Collected data:

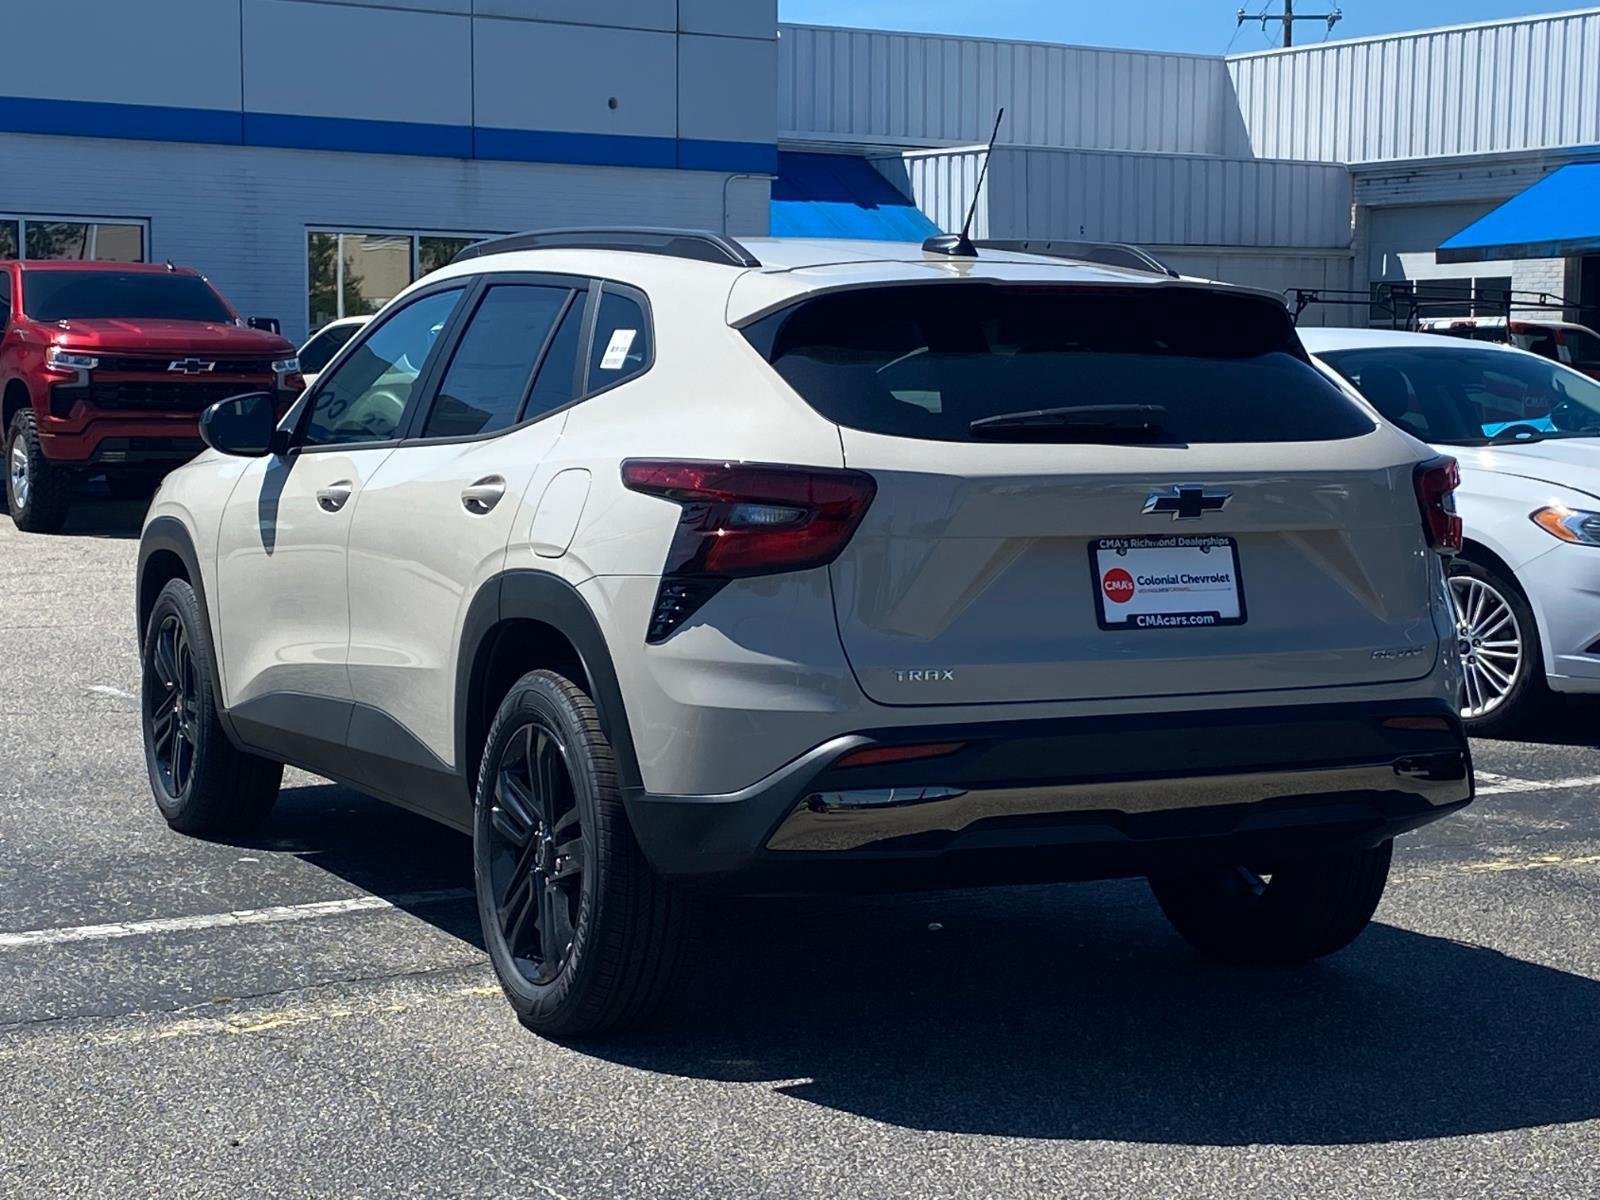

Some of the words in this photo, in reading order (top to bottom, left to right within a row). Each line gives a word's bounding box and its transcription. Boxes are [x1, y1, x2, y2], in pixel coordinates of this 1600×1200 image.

[1099, 539, 1128, 548] CMA's
[1130, 536, 1176, 547] Richmond
[1178, 535, 1229, 546] Dealerships
[1136, 574, 1180, 586] Colonial
[1180, 572, 1231, 584] Chevrolet
[1104, 580, 1133, 591] CMA's
[1136, 615, 1215, 626] CMAcars.com
[896, 670, 954, 681] TRAX

▸ **To do**: Each entry, start to finish, goes into your copy exactly; the pictures stay out.

▸ **Solution to this task**:
Some of the words in this photo, in reading order (top to bottom, left to right within a row). Each line gives a word's bounding box and its transcription. Boxes are [x1, y1, x2, y2], in pixel coordinates of this 1600×1200 image.

[1099, 539, 1128, 548] CMA's
[1130, 536, 1176, 547] Richmond
[1178, 535, 1229, 546] Dealerships
[1136, 574, 1180, 586] Colonial
[1180, 572, 1231, 584] Chevrolet
[1104, 580, 1133, 591] CMA's
[1136, 615, 1215, 626] CMAcars.com
[896, 670, 954, 681] TRAX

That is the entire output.